| Aim of the exercise |
The entries are to be output word for word, with the pictures omitted.

| Provided data |
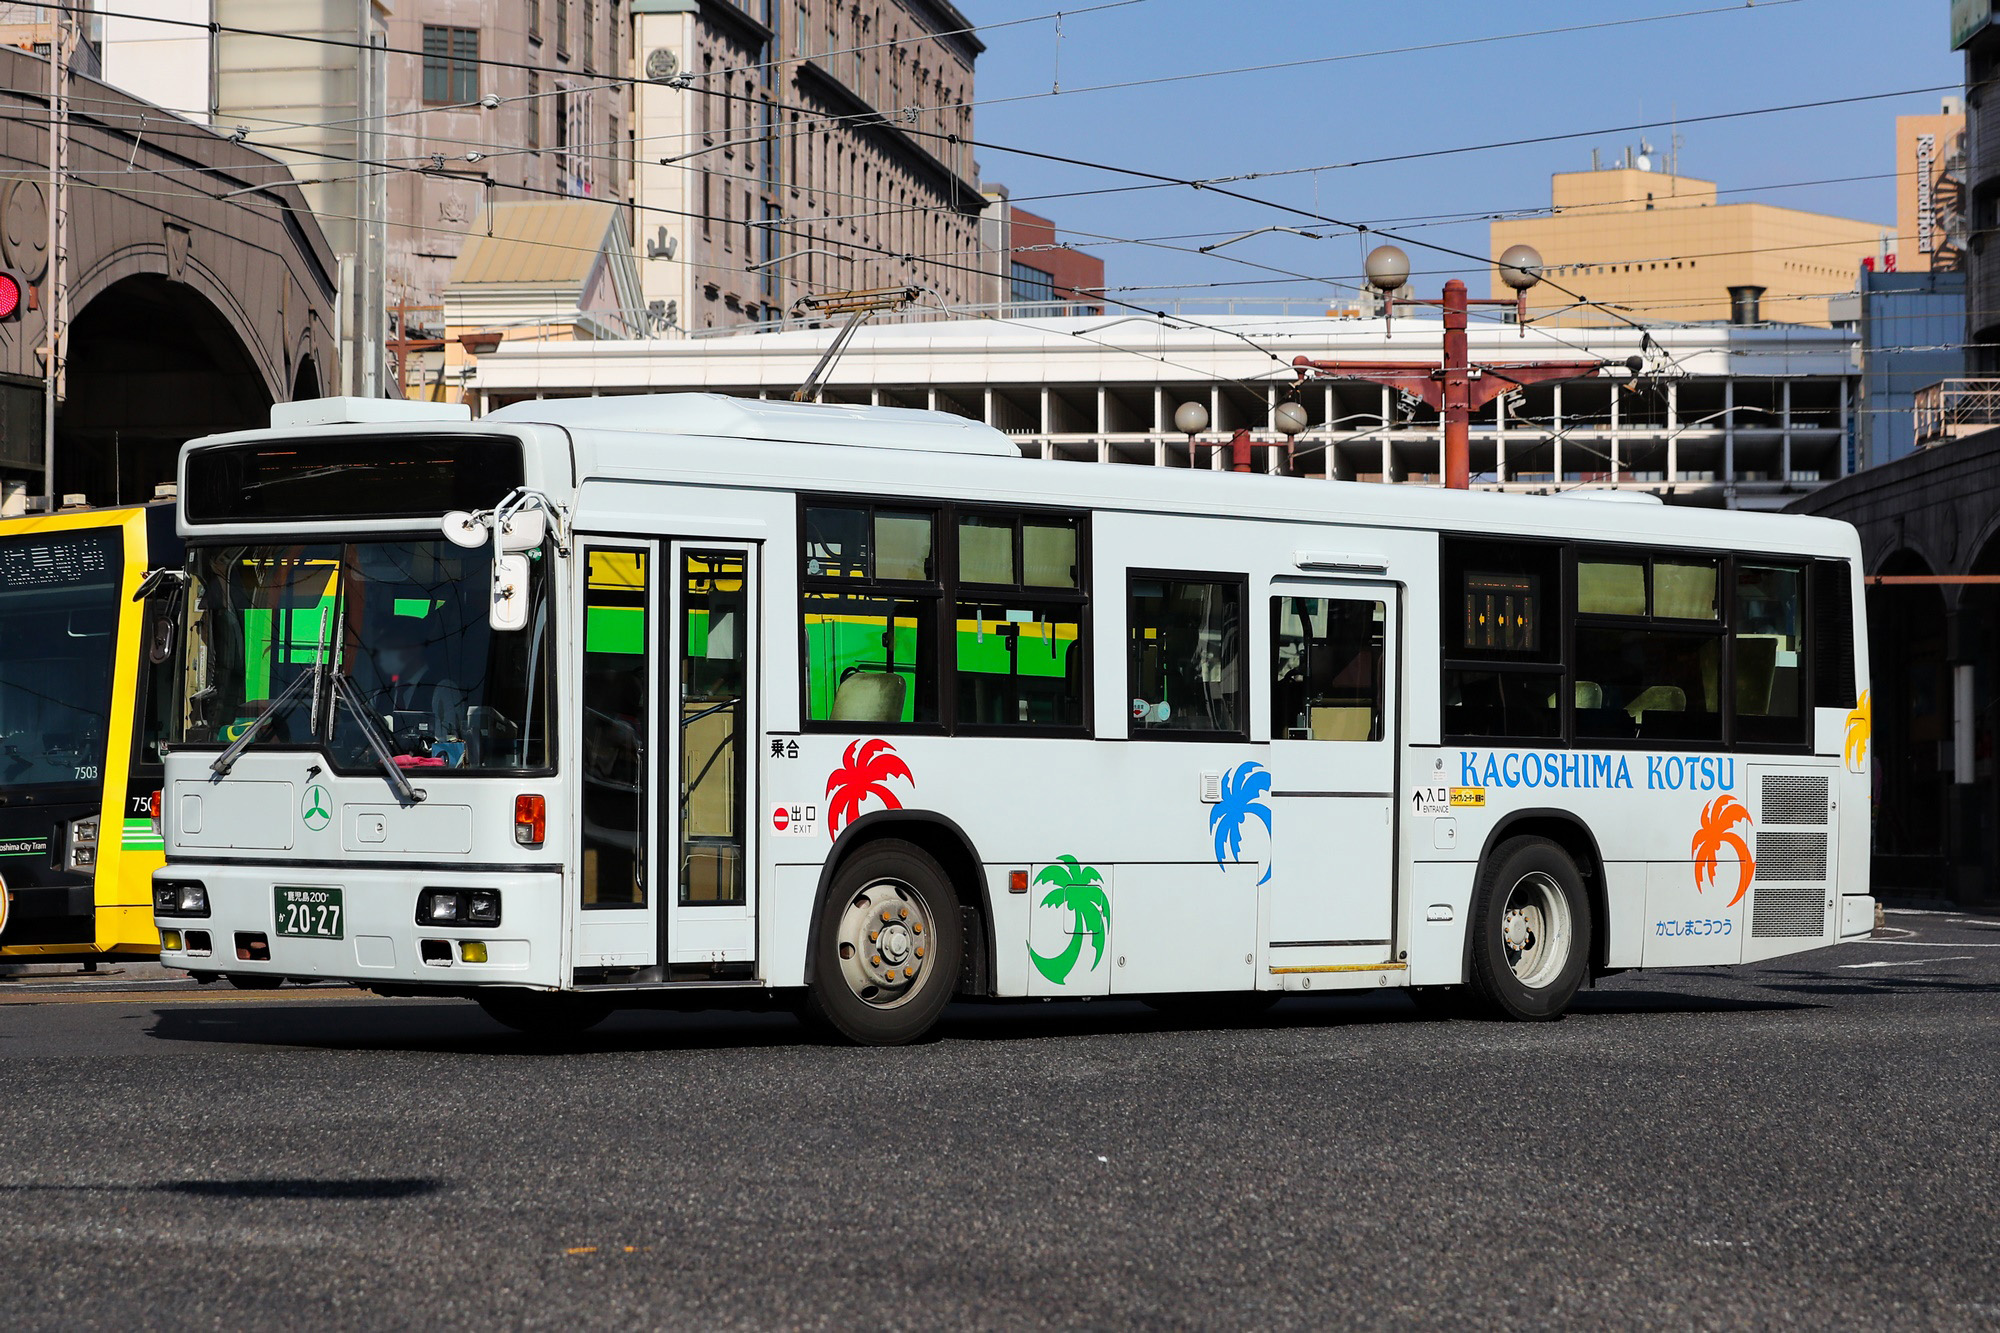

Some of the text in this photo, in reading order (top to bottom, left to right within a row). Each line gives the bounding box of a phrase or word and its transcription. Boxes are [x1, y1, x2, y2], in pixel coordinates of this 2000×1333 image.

[771, 739, 799, 758] 乗合
[75, 766, 98, 779] 7503
[1460, 752, 1734, 790] KAGOSHIMA KOTSU
[1426, 788, 1446, 802] 入口
[791, 805, 816, 821] 出口
[1423, 805, 1449, 813] ENTRANCE
[793, 825, 812, 833] EXIT
[20, 842, 32, 852] City
[32, 841, 47, 850] Tram
[1656, 918, 1732, 936] かごしまこうつう
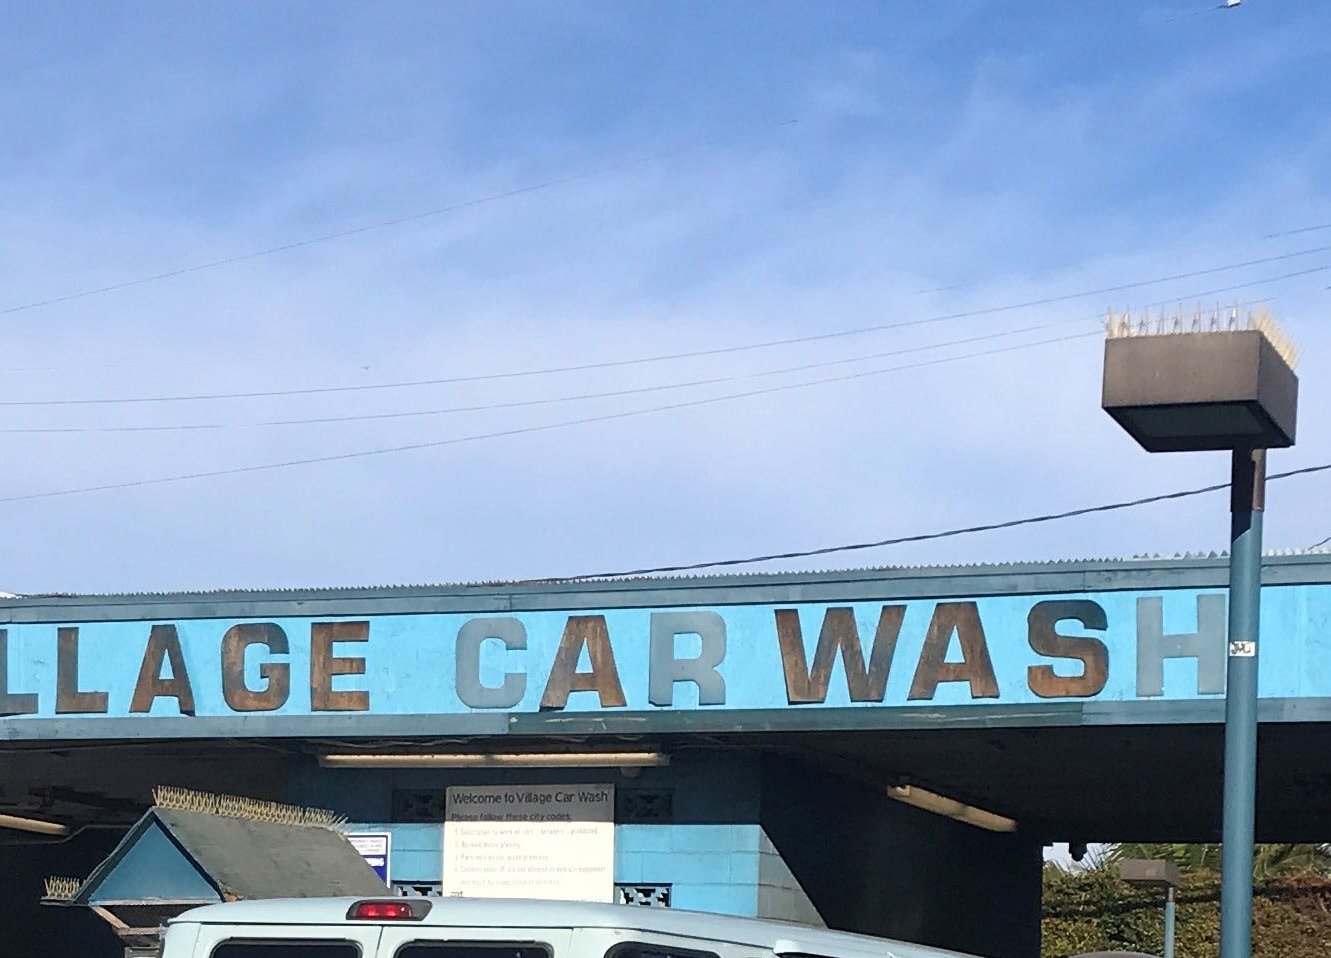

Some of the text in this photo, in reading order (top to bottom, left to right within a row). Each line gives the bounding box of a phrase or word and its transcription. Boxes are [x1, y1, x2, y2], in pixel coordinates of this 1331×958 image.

[455, 611, 727, 711] CAR
[774, 593, 1226, 705] WASH
[452, 792, 502, 804] Welcome
[515, 791, 552, 806] Village
[554, 791, 574, 803] Car
[578, 791, 608, 803] Wash

| Result for this task |
Some of the text in this photo, in reading order (top to bottom, left to right within a row). Each line gives the bounding box of a phrase or word and its transcription. Boxes are [x1, y1, x2, y2], in pixel coordinates of this 2000×1333 image.

[771, 739, 799, 758] 乗合
[75, 766, 98, 779] 7503
[1460, 752, 1734, 790] KAGOSHIMA KOTSU
[1426, 788, 1446, 802] 入口
[791, 805, 816, 821] 出口
[1423, 805, 1449, 813] ENTRANCE
[793, 825, 812, 833] EXIT
[20, 842, 32, 852] City
[32, 841, 47, 850] Tram
[1656, 918, 1732, 936] かごしまこうつう

Some of the text in this photo, in reading order (top to bottom, left to right within a row). Each line gives the bounding box of a phrase or word and its transcription. Boxes are [x1, y1, x2, y2], in pixel coordinates of this 1331×958 image.

[455, 611, 727, 711] CAR
[774, 593, 1226, 705] WASH
[452, 792, 502, 804] Welcome
[515, 791, 552, 806] Village
[554, 791, 574, 803] Car
[578, 791, 608, 803] Wash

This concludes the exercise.